Cassandra also claims the aliens are not there to help them. They are infecting everything with “Purity,” a rather peaceful, pretty name for the black oil we’ve seen spreading through humans in previous episodes and the Fight the Future movie. She’s concerned because Jeffrey is working with her ex-husband, his father. Cancer Man, still narrating to an unknown person, admits he couldn’t kill Cassandra. Not because he loved her, because he didn’t. Not because it was wrong to kill, because it isn’t. It’s only because she’s the mother of his son.

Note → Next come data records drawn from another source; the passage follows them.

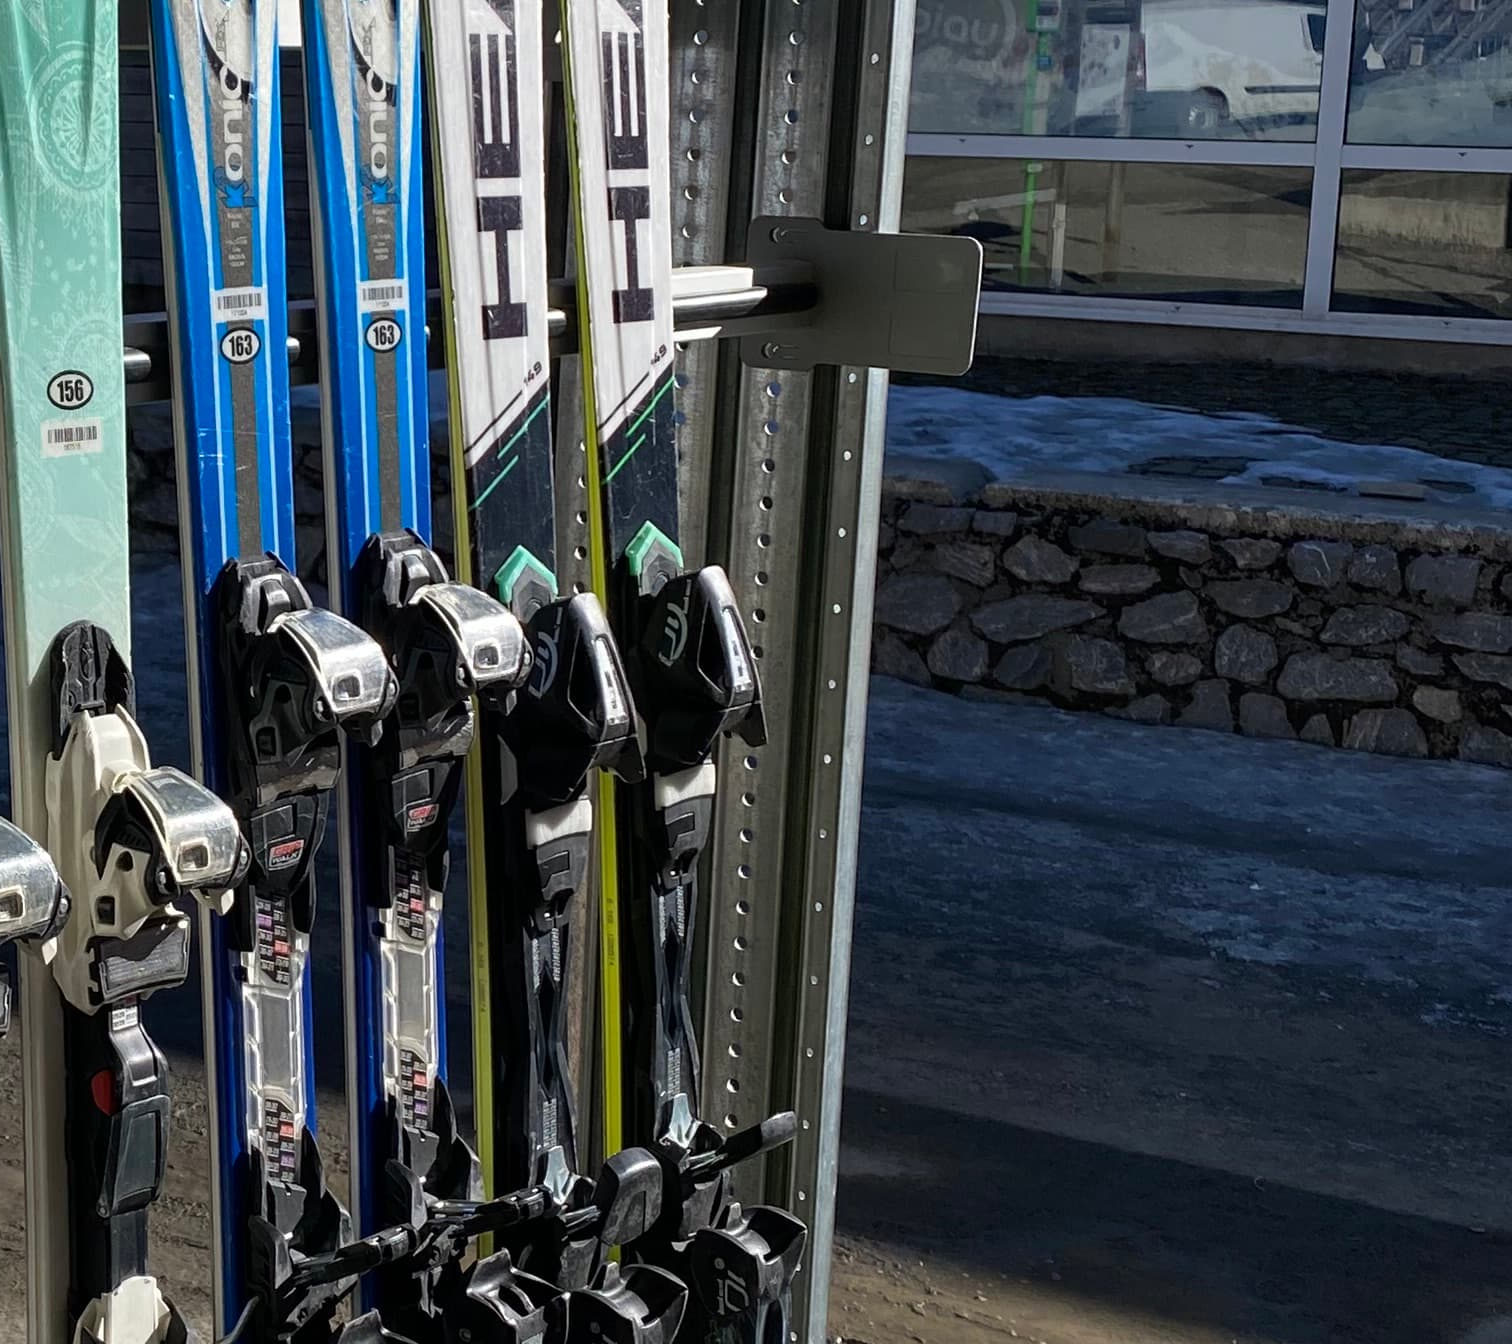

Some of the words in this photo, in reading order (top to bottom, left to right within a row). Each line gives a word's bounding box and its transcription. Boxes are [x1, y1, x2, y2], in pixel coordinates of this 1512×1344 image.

[228, 334, 253, 357] 163
[373, 324, 395, 346] 163
[57, 379, 85, 403] 156
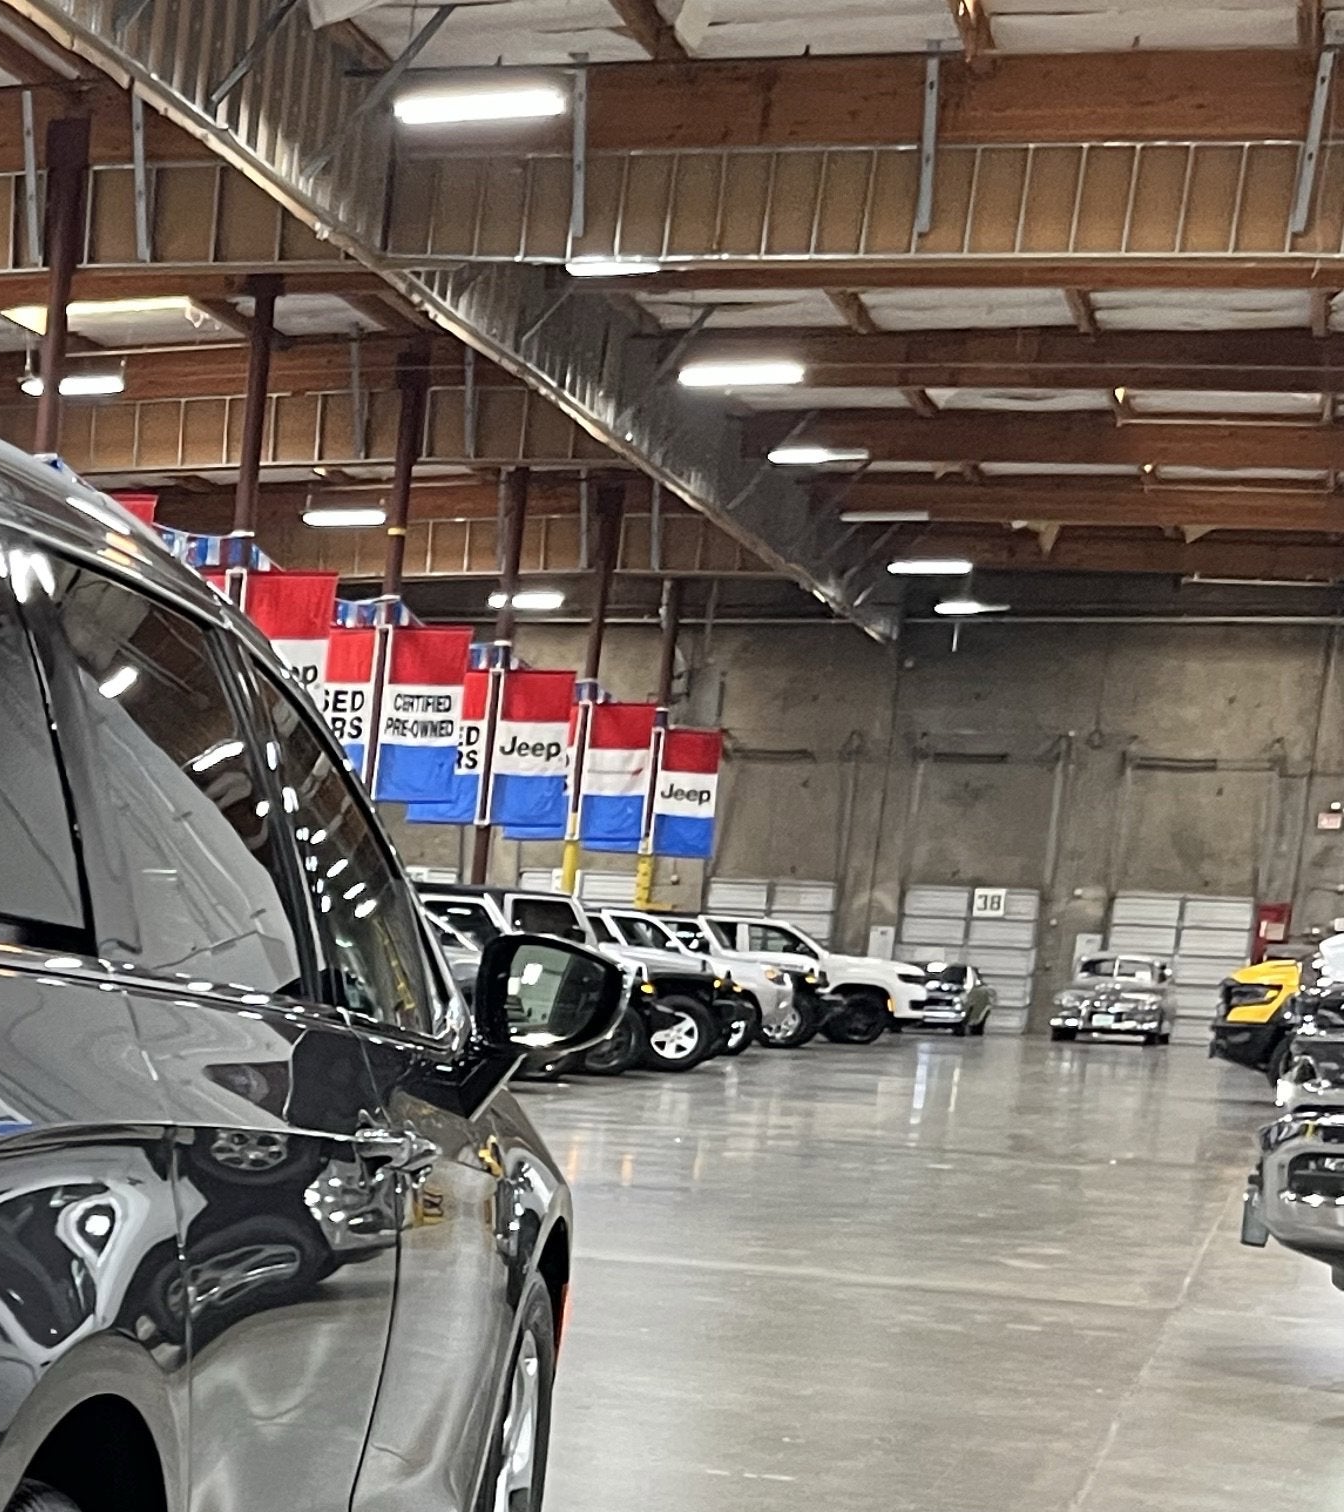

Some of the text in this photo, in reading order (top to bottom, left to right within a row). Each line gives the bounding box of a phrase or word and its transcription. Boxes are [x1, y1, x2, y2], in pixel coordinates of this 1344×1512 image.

[394, 693, 452, 713] CERTIFIED
[384, 717, 454, 738] PRE-OWNED
[499, 735, 561, 762] Jeep
[661, 784, 711, 805] Jeep
[977, 894, 1002, 911] 38

Krycek is hosting the Syndicate meeting in New York. It's a good thing he gave up the Jesus wig because it would be hard to take him seriously in that. The Elder's assassin, in his victim's form, tries to turn the vote in a different direction. Alex stands up to him until Cancer Man yanks on Krycek’s leash. Meanwhile back at FBI Headquarters, Sculder use Agent Spender’s computer to research the case and learn Cassandra’s ex-husband, C.G.B. Spender, is Cancer Man! Skinner interrupts to try and save their hides, but Spender and his lackeys arrive too quickly. Jeffrey reports to CSM that Agents Mulder and Scully are going to be fired and demands to know the truth about Cassandra. Cancer Man, who is doing what most fans probably wanted to do during the original run, slaps Jeffrey around and shows how clearly he prefers Fox to Jeffy.

Scully finds Mulder playing basketball in the gym again. Even though they’re on “administrative leave,” she managed to compile a box filled with CMS sightings and files over the decades, including one picture with Fox’s father, William Mulder. And she found out Cassandra’s first “abduction” occurred on the same night as Samantha Mulder. And she found a decades-old link to Dr. Openshaw. (Funny how Dana is more productive when she shouldn't have full access to the files.) 

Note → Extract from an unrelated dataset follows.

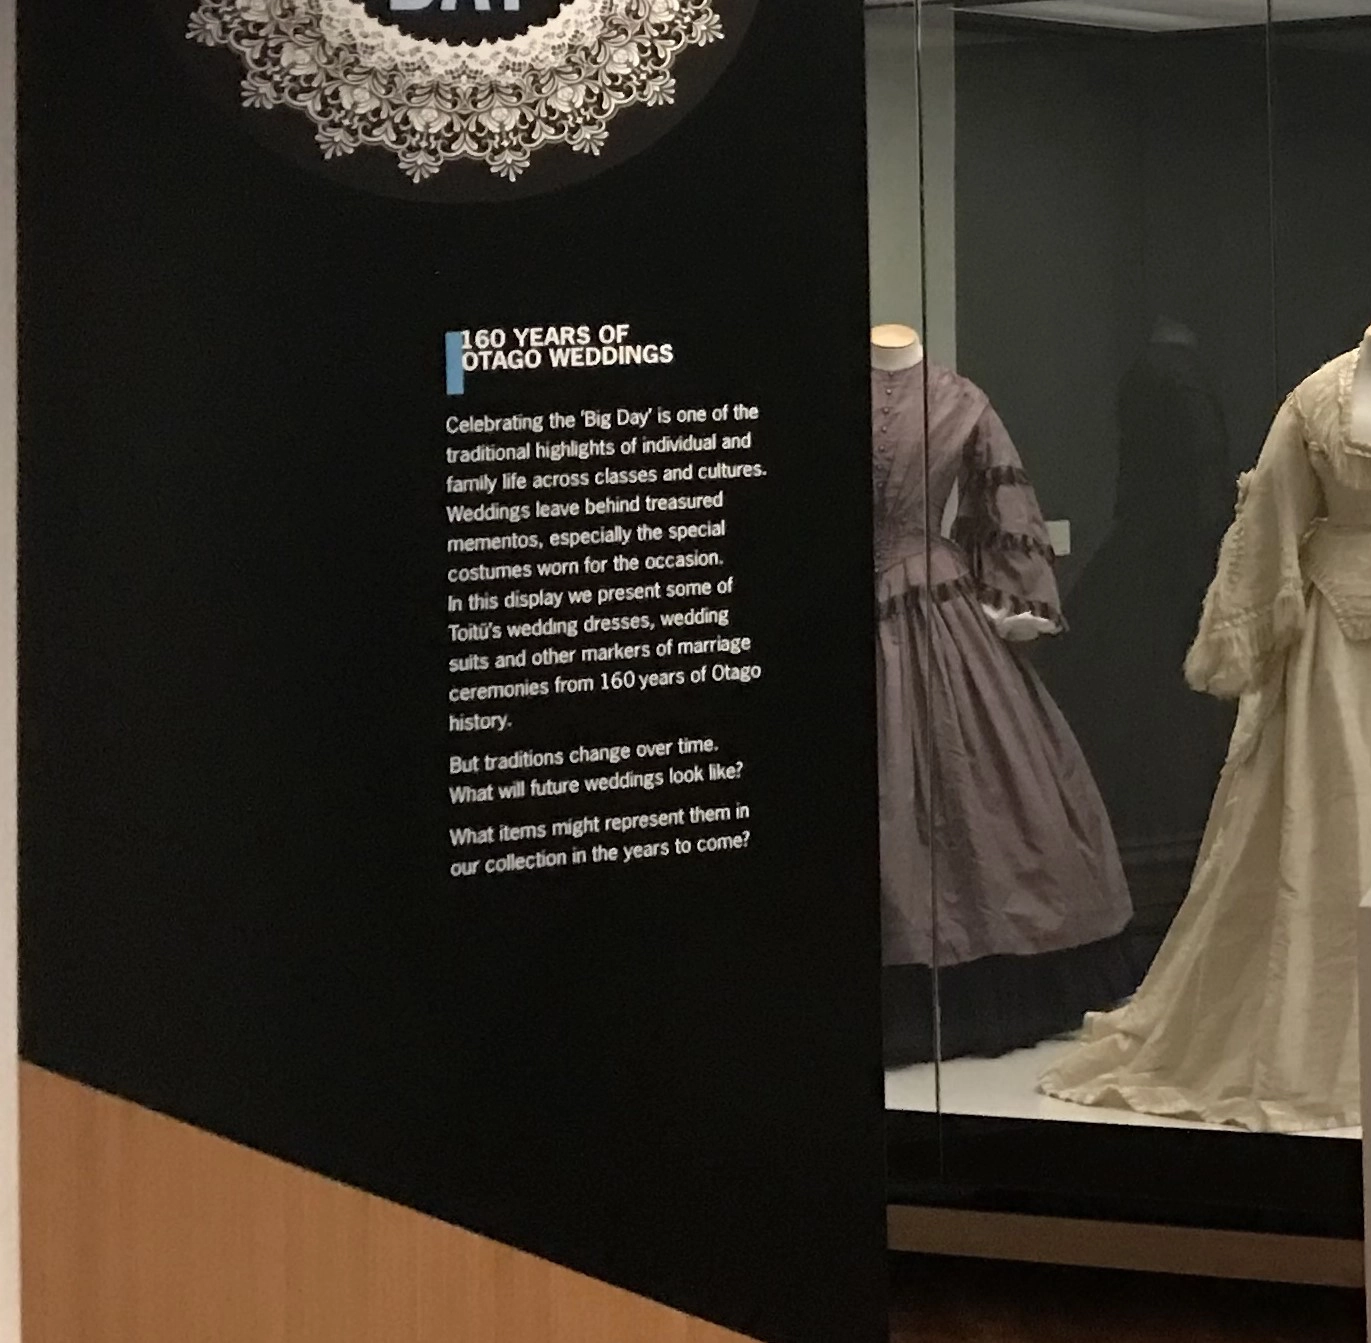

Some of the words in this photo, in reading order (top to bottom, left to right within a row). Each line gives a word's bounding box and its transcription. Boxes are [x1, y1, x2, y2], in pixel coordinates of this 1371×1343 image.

Spender gets a new assignment from Cancer Man: Kill the rebel impersonating the dead Elder. CSM arms Jeffy with an ice pick-like weapon, you know, like the one from "Colony" (S2E16). (You have to love Microsoft Word; I do a search for “icepick” in my X-Files folder and it pops right up.) Krycek drives Spender to the Elder’s home, but Jeffrey botches the job. Alex, of course, gets it done.

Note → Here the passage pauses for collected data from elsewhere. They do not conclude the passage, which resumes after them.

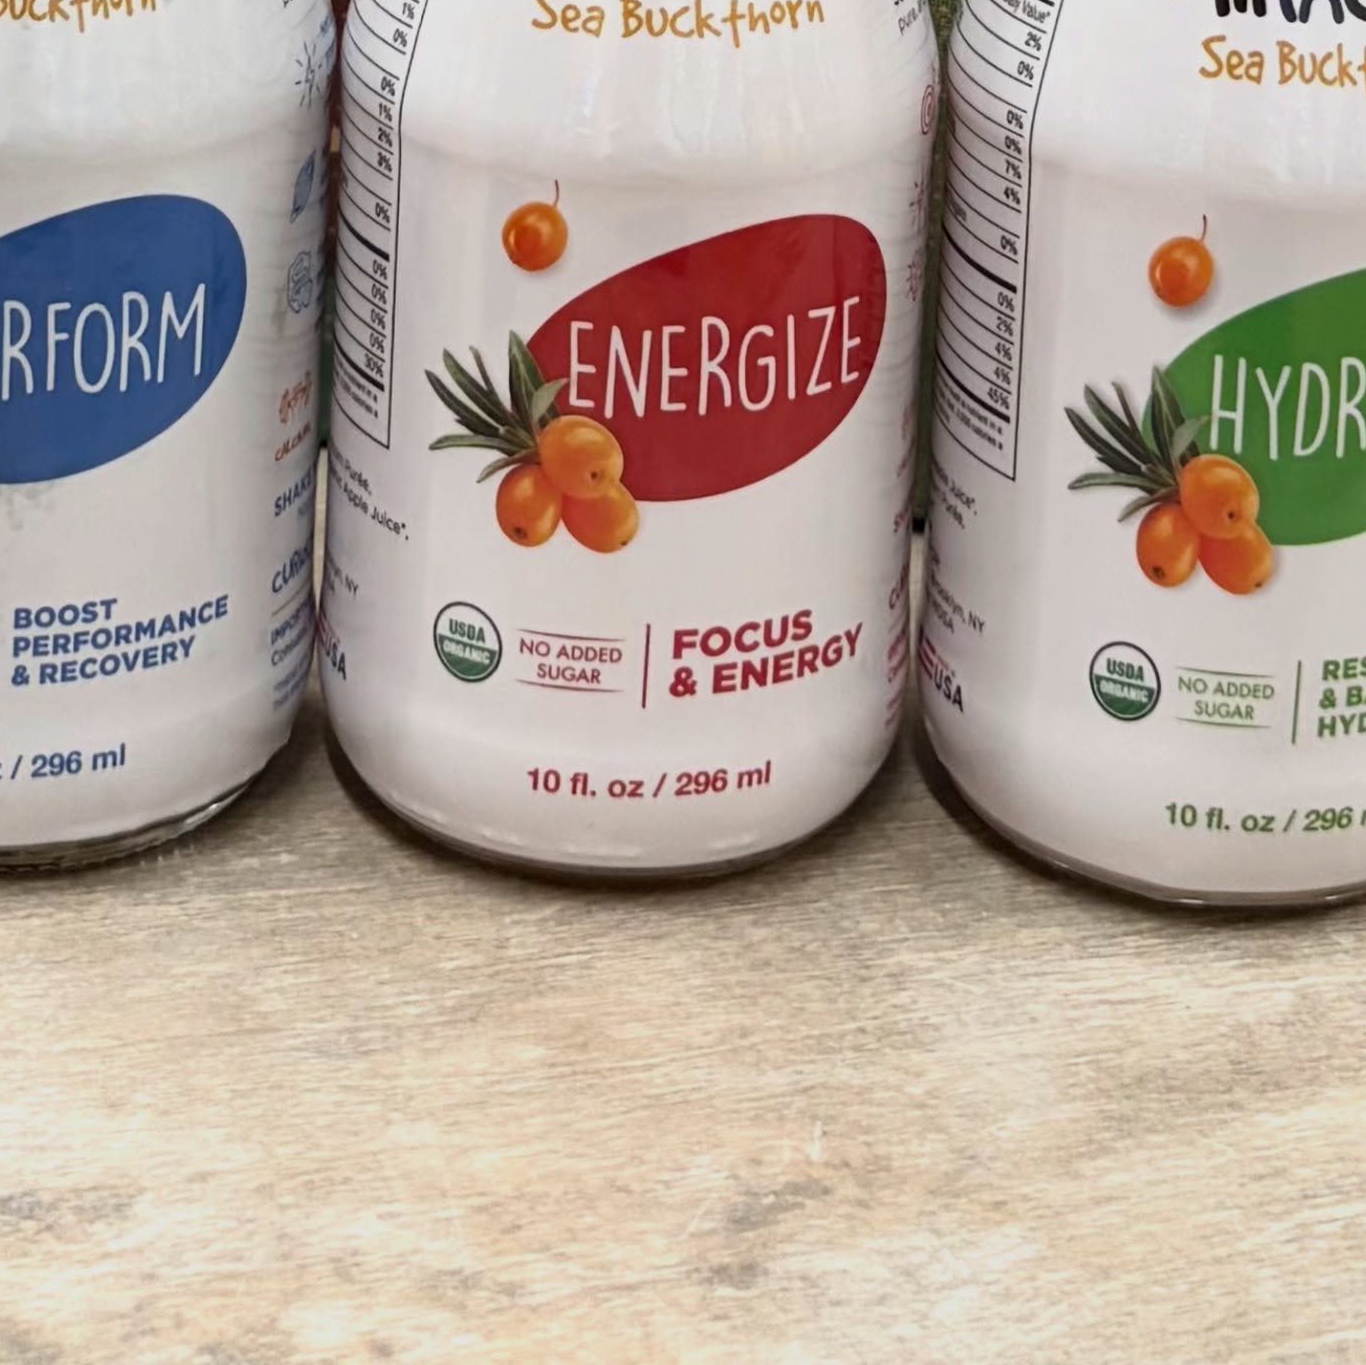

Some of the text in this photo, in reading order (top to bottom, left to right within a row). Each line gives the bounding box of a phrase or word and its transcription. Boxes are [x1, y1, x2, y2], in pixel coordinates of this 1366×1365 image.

[402, 0, 415, 21] 1%
[392, 27, 408, 48] 0%
[1024, 31, 1042, 52] 2%
[1017, 60, 1035, 81] 0%
[1199, 35, 1263, 86] Sea
[380, 75, 396, 97] 0%
[1006, 109, 1024, 130] 0%
[1004, 135, 1022, 156] 0%
[1004, 159, 1022, 180] 7%
[1003, 186, 1021, 206] 4%
[375, 201, 390, 224] 0%
[1000, 235, 1018, 256] 0%
[372, 258, 388, 281] 0%
[371, 283, 387, 305] 0%
[997, 291, 1015, 313] 0%
[370, 308, 386, 330] 0%
[996, 316, 1014, 337] 2%
[369, 332, 385, 355] 0%
[994, 341, 1012, 362] 4%
[568, 296, 862, 419] ENERGIZE
[993, 365, 1011, 386] 4%
[986, 386, 1010, 410] 45%
[13, 598, 118, 629] BOOST
[968, 610, 985, 636] NY
[12, 593, 229, 658] PERFORMANCE
[448, 618, 486, 644] USDA
[672, 609, 813, 660] FOCUS
[11, 634, 196, 686] & RECOVERY
[442, 639, 491, 665] ORGANIC
[519, 637, 623, 663] NO ADDED
[669, 621, 863, 698] & ENERGY
[536, 663, 602, 684] SUGAR
[1107, 657, 1145, 683] USDA
[934, 668, 964, 714] USA
[1099, 679, 1149, 703] ORGANIC
[1177, 675, 1275, 700] NO ADDED
[1319, 687, 1337, 710] &
[1194, 700, 1255, 720] SUGAR
[10, 755, 23, 780] /
[31, 750, 83, 778] 296
[91, 743, 127, 770] ml
[527, 759, 772, 798] 10 fl. oz / 296 ml
[1165, 801, 1197, 827] 10
[1205, 807, 1231, 831] fl.
[1241, 814, 1276, 832] oz
[1283, 809, 1298, 833] /
[1302, 806, 1354, 831] 296

Sculder try to bring Skinner up to speed on the theories of alien/human hybrids and an upcoming alien invasion, but the only thing that piques his interest is the revelation that Cancer Man is Jeffrey Spender’s father. Fox is worried for Cassandra’s safety, so Walter goes to the hospital to check on her. Krycek and Spender (Kryder? Spencek?) bond over their first rebel kill together until Alex accidentally triggers Jeffy’s Mommy and Daddy issues. Spender still isn’t ready to drink the Kool-Aid because helping the Syndicate means not helping his mother. 


Cancer Man, who has been narrating this whole time to Spender’s partner, Agent Diana Fowley, reveals he doesn’t trust Jeffrey. Clearly no one should trust Diana. Skinner and Spender can’t find Cassandra, who makes her way to Mulder’s apartment. Too bad she was followed by the most patient (and non-verbal) person in the world who just knocks incessantly. (Rebel assassin? If so, why not just pretend to be someone she -- or Fox -- knew and trusted?) Cassandra frantically insists that Mulder kill her because “it all starts” if he doesn’t. Of course Fox points his gun at her head. So what is supposed to start? The alien invasion? The destruction of Earth? The decline of civilization? The rise of reality television? Maybe Fox should pull the trigger.


Sestra Professional: 

Once upon a time, conspiracy episodes were something to look forward to -- we yearned to know what the government was up to and how Sculder would find some desperately sought truth. The mythology shows have become convoluted and actually kind of dull. That's clearly the adverse effect of not utilizing a "show bible" that maintains continuity and points the way to the end game.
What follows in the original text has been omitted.